Through functional analysis, you help clients understand what has "triggered" them to drink or use drugs in the past and the effects they experienced from using alcohol or drugs. With this information, you and your clients can then work on developing coping strategies to maintain abstinence. The following approach is adapted from Miller and Pechacek, 1987.

To begin a functional analysis, first label two columns on a sheet of paper or blackboard as "Triggers" and "Effects." Then begin with a statement such as, "I'd like to understand how substance use has fit into the rest of your life."

Next, find out about your client's antecedents: "Tell me about situations in which you have been most likely to drink or use drugs in the past, or times when you have tended to drink or use more. These might be when you were with specific people, in specific places, or at certain times of day, or perhaps when you were feeling a particular way." Make sure to use the past tense because the present or future tense may unsettle currently abstinent clients.

As your client responds, listen reflectively to make sure that you understand. Under the Triggers column, write down each antecedent. Then ask, "When else in the past have you felt like drinking or using drugs?" and record each response.

If your client completed a pretreatment questionnaire about substance use, you may be able to use this information to elicit any triggers the client did not mention. For example, "I notice on this questionnaire you marked that you might be 'very tempted' to drink when you... Tell me about this." Then write down any additional antecedents in the Triggers column.

After the client seems to have exhausted the antecedents of substance use, ask about what the client liked about drinking or using drugs. Here you are trying to elicit the client's own perceptions or expectations from substance use, not necessarily the actual effects.

As the client volunteers this information, respond with reflective listening to ensure that you understand, and make sure not to communicate disapproval or disagreement. Write down each desired consequence in the Effects column. Then ask, "What else have you liked about drinking or using drugs in the past?" and record each response.

Again, if the client completed a pretreatment questionnaire about the desired consequences of substance use, you can use this information to elicit more consequences the client may not have brought up. For example, "I notice on this questionnaire you marked that you often used drugs to... Tell me about this." Write down any new consequences in the Effects column.

Once the client has finished giving antecedents and consequences, you can point out how a certain trigger can lead to a certain effect. First, pick out one item from the Triggers column and one from the Effects column that clearly seem to go together. Then ask the client to identify pairs, letting the client draw connecting lines on the paper or blackboard.
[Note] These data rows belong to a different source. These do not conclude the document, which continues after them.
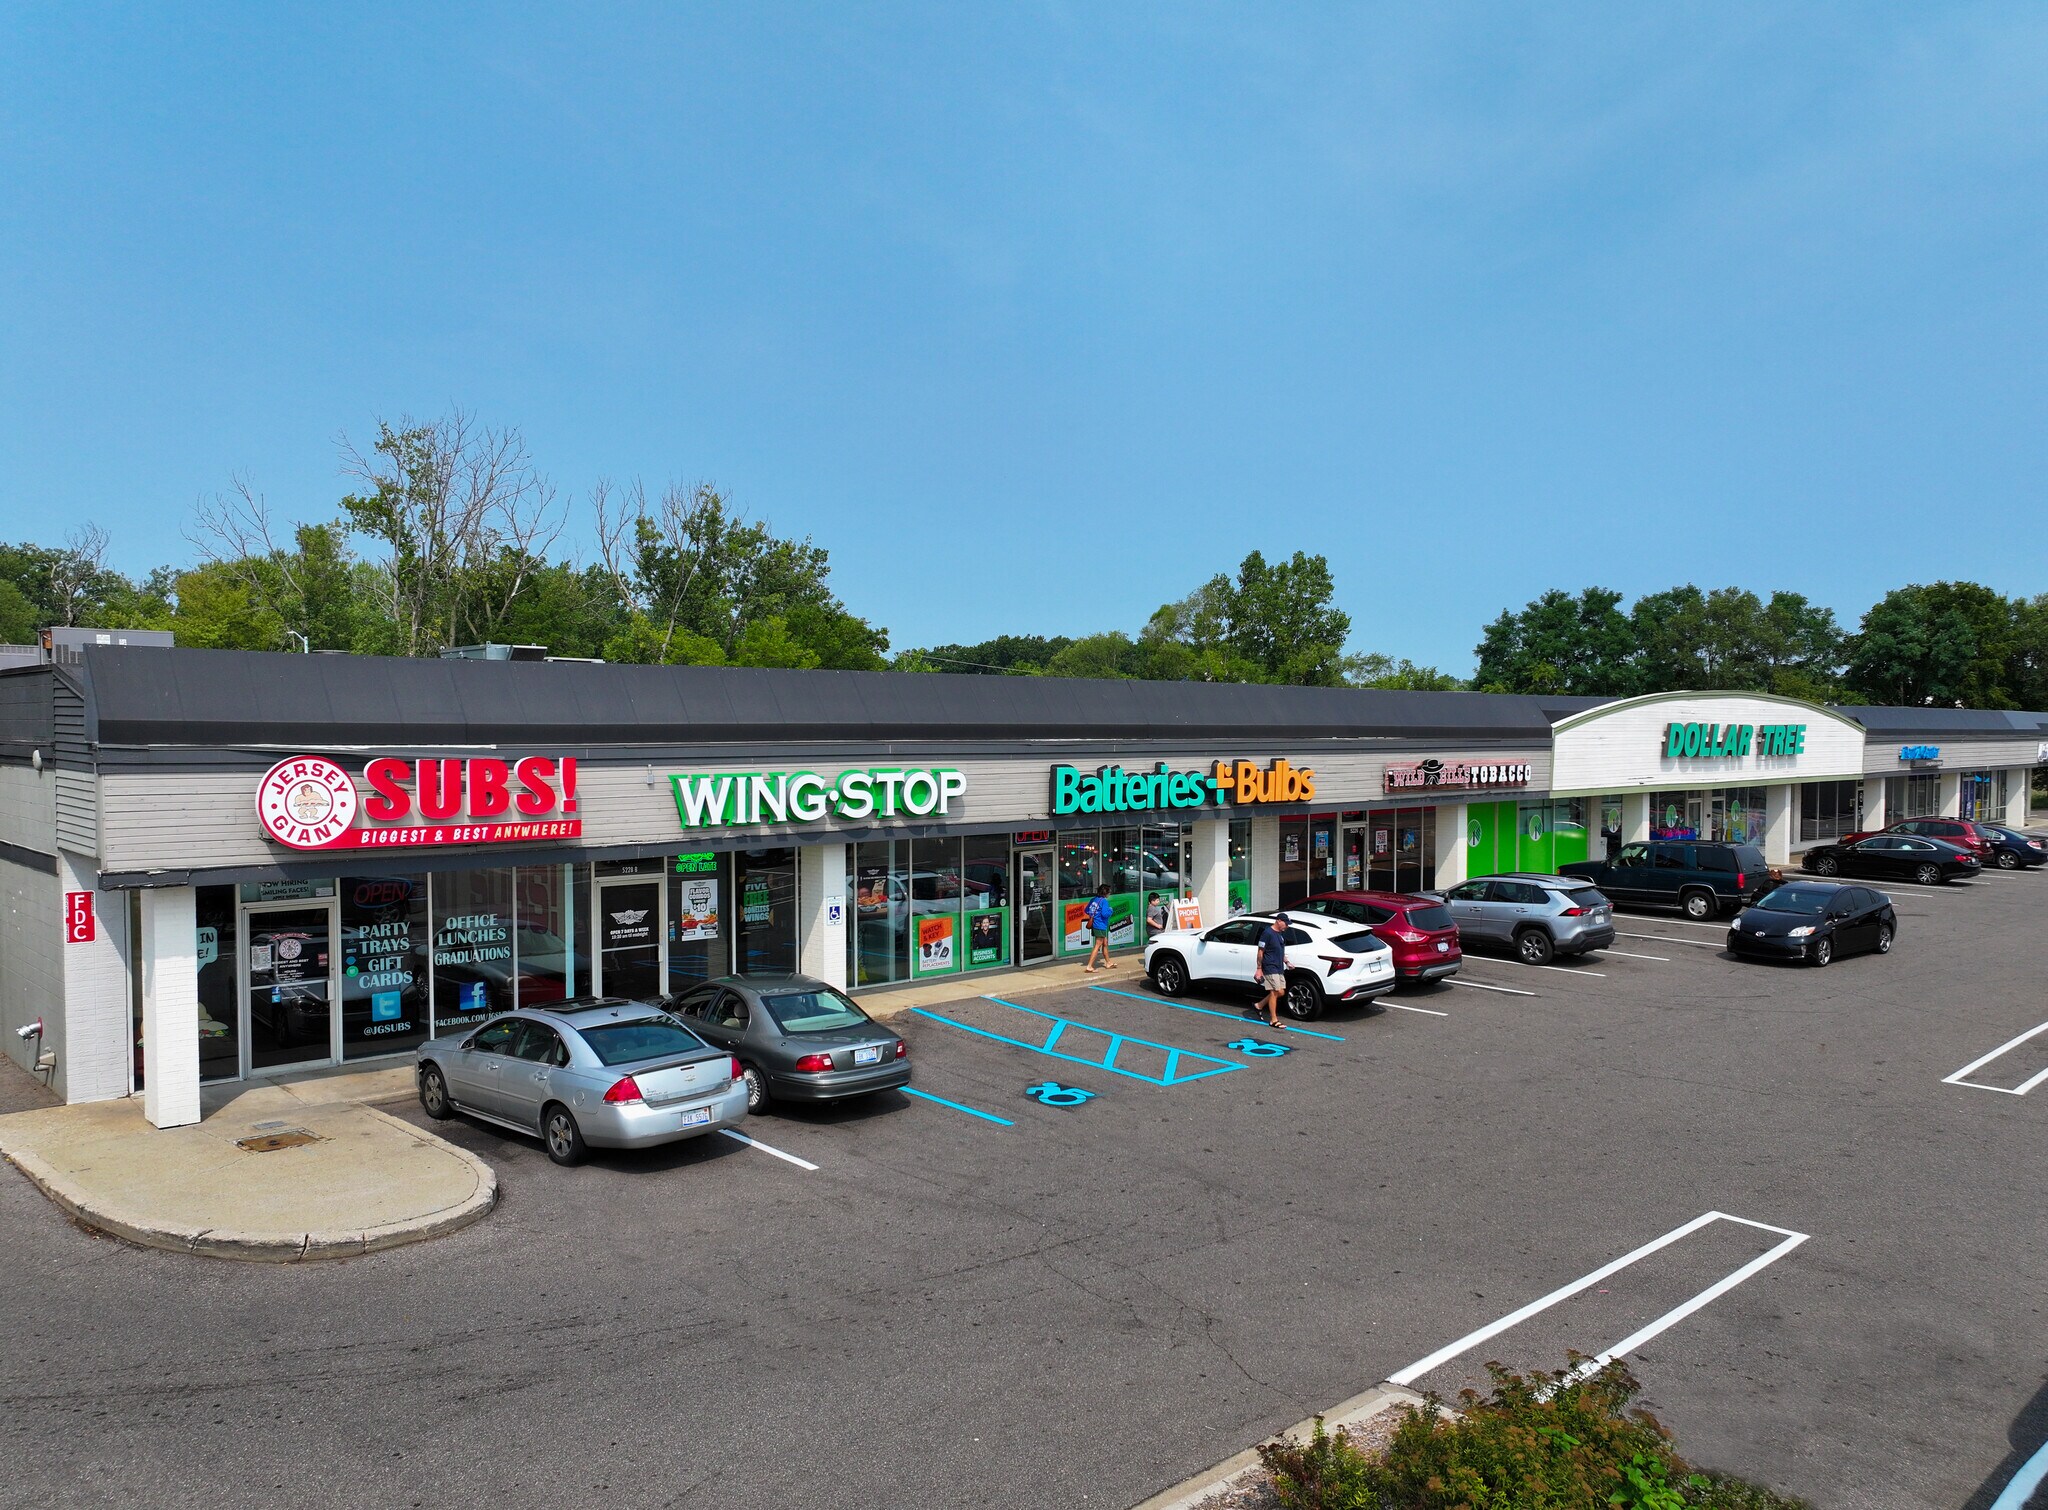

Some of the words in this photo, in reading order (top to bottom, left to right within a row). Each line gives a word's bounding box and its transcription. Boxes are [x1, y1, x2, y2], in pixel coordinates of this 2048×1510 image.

[1667, 722, 1754, 758] DOLLAR
[1762, 724, 1807, 756] TREE
[267, 763, 349, 795] JERSEY
[1393, 769, 1425, 787] WILD
[1471, 764, 1532, 784] TOBACCO
[363, 756, 577, 821] SUBS!
[270, 813, 348, 844] GIANT
[361, 828, 427, 844] BIGGEST
[434, 828, 444, 842] &
[453, 826, 488, 841] BEST
[493, 822, 574, 839] ANYWHERE!
[675, 862, 697, 873] OPEN
[698, 861, 718, 872] LATE
[281, 879, 309, 887] HIRING
[288, 886, 310, 895] FACES!
[745, 882, 768, 891] FIVE
[353, 881, 407, 904] OPEN
[744, 891, 769, 906] FREE
[73, 894, 87, 940] FDC
[744, 904, 770, 914] BONELESS
[1179, 908, 1199, 917] PHONE
[446, 913, 499, 930] OFFICE
[744, 913, 770, 922] WINGS
[359, 921, 410, 939] PARTY
[438, 927, 507, 946] LUNCHES
[922, 923, 943, 935] WATCH
[928, 930, 940, 940] KEY
[200, 932, 215, 944] IN
[359, 936, 410, 955] TRAYS
[434, 945, 511, 966] GRADUATIONS
[973, 949, 993, 957] BUSINESS
[367, 956, 404, 972] GIFT
[922, 960, 950, 968] REPLACEMENTS
[359, 970, 414, 989] CARDS
[363, 1021, 411, 1036] @JGSUBS
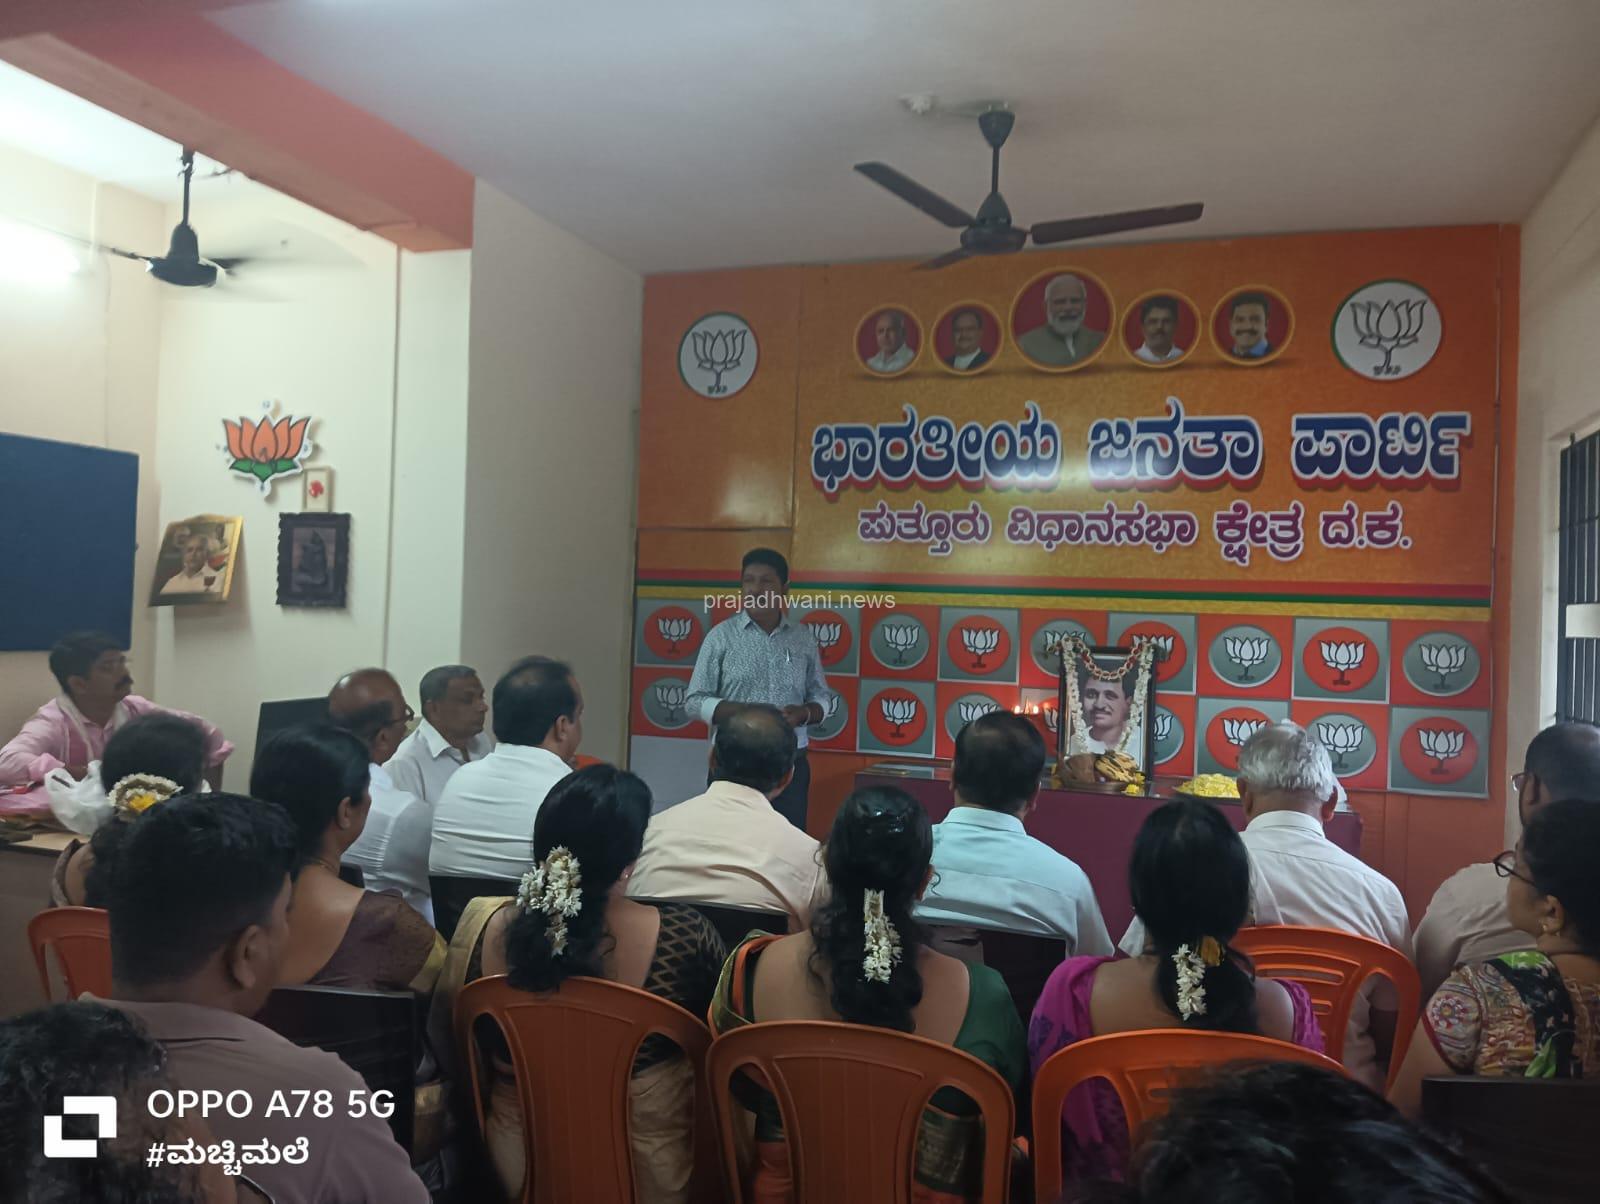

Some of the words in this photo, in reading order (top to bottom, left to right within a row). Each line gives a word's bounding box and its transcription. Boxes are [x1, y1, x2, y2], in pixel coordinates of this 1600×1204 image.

[811, 400, 1061, 492] ಭಾರತೀಯ
[1089, 397, 1263, 482] ಜನತಾ
[1291, 411, 1471, 482] ಪಾರ್ಟಿ
[858, 500, 991, 556] ಪುತ್ತೂರು
[1006, 500, 1199, 552] ವಿಧಾನಸಭಾ
[1214, 500, 1304, 567] ಕ್ಷೇತ್ರ
[1318, 500, 1412, 549] ದ.ಕ.
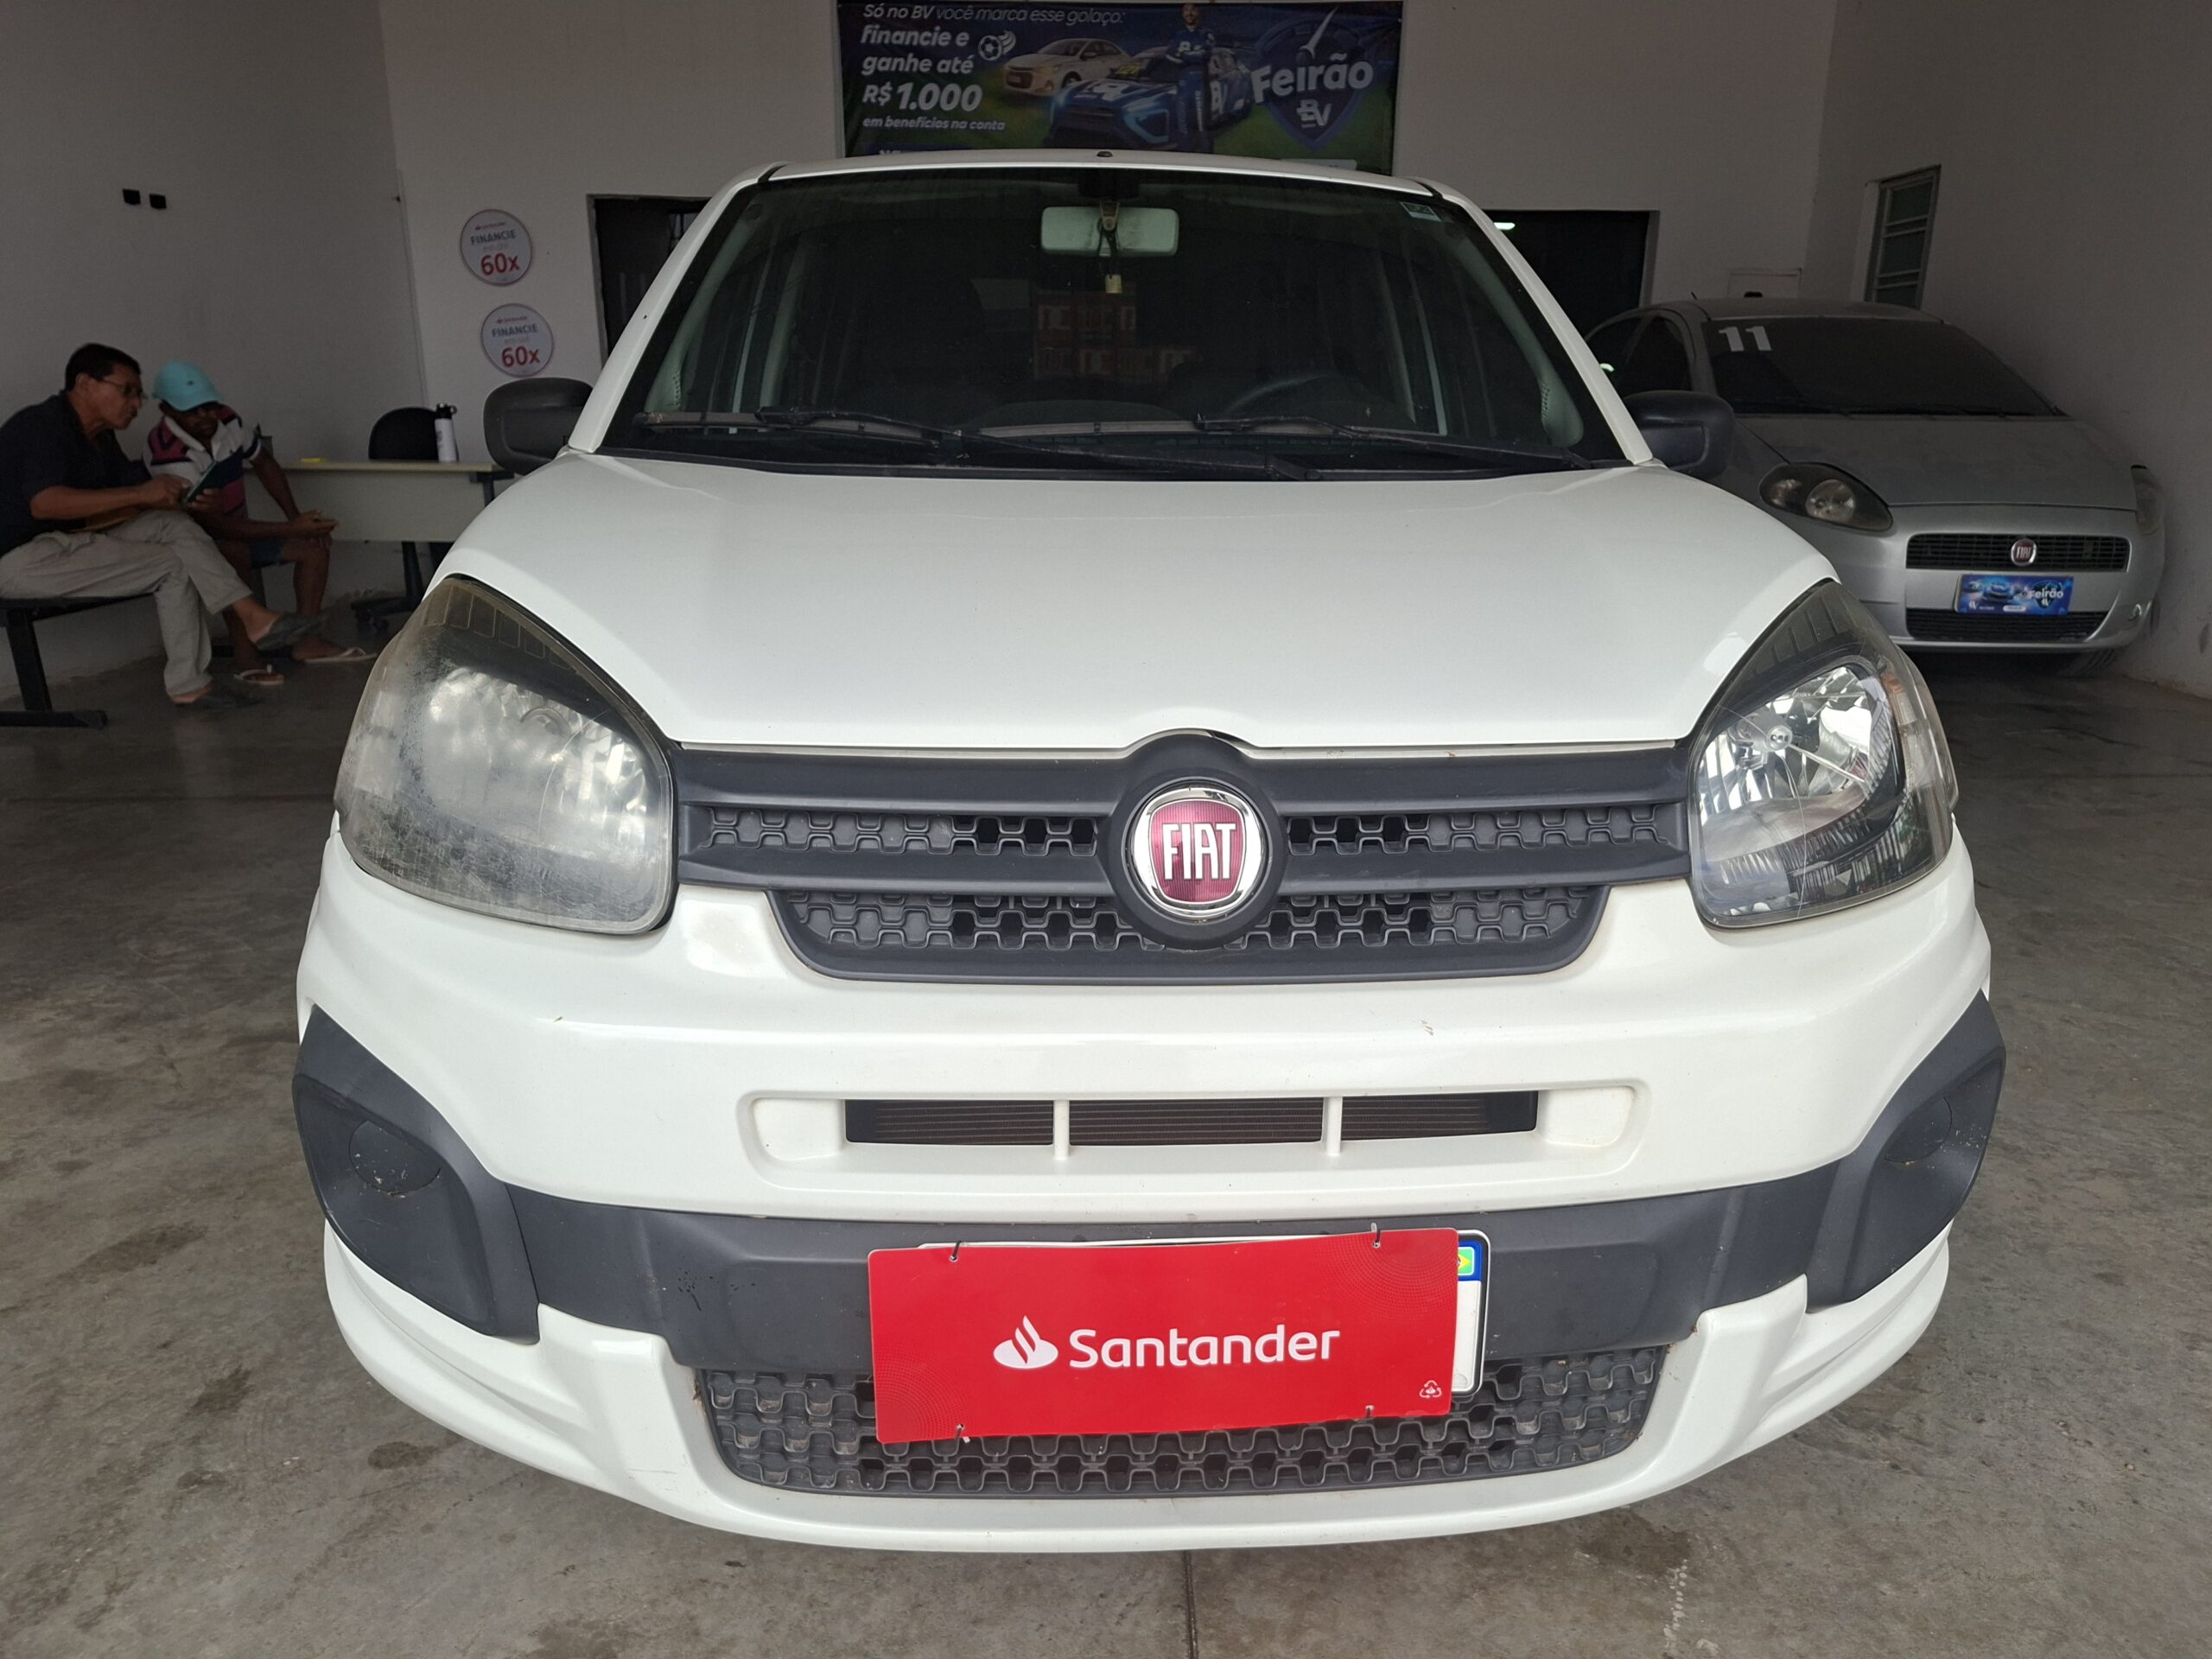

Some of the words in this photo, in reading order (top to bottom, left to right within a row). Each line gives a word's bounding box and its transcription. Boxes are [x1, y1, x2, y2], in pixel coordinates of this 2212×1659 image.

[863, 4, 884, 18] Só
[887, 8, 909, 19] no
[911, 5, 936, 19] BV
[937, 6, 974, 20] você
[975, 9, 1028, 22] marca
[1030, 10, 1065, 22] esse
[861, 24, 951, 46] financie
[955, 31, 969, 46] e
[861, 53, 932, 75] ganhe
[937, 55, 975, 74] até
[1251, 52, 1374, 104] Feirão
[862, 81, 893, 106] R$
[896, 82, 982, 111] 1.000
[862, 118, 883, 129] em
[885, 116, 950, 130] benefícios
[950, 119, 968, 130] na
[969, 119, 1006, 130] conta
[471, 229, 518, 245] FINANCIE
[481, 252, 520, 276] 60x
[492, 323, 538, 337] FINANCIE
[1719, 326, 1771, 353] 11
[501, 346, 540, 367] 60x
[2016, 546, 2032, 559] FIAT
[1162, 823, 1236, 880] FIAT
[1069, 1324, 1340, 1369] Santander
For trigger items that have not been paired, ask the client to tell you what alcohol or drug use might have done for her in that situation, and draw a line to the appropriate item in the Effects column. Sometimes there is no corresponding item in the Effects column, which suggests that something has to be added. Then do the same thing for the Effects column. It is not necessary, however, to pair all entries.

With this information, you can develop maintenance strategies. Point out that some of the pairs your client identified are common among most users. Next, you can say that if the only way a client can go from the Triggers column to the Effects column is through substance use, then the client is psychologically dependent on it.

Then make clear that freedom of choice is about having options--different ways--of moving from the Triggers to the Effects column. You can then review the pairs, beginning with those the client finds most important, and develop a coping plan that will enable the client to achieve the desired effects without using substances (Miller and Pechacek, 1987).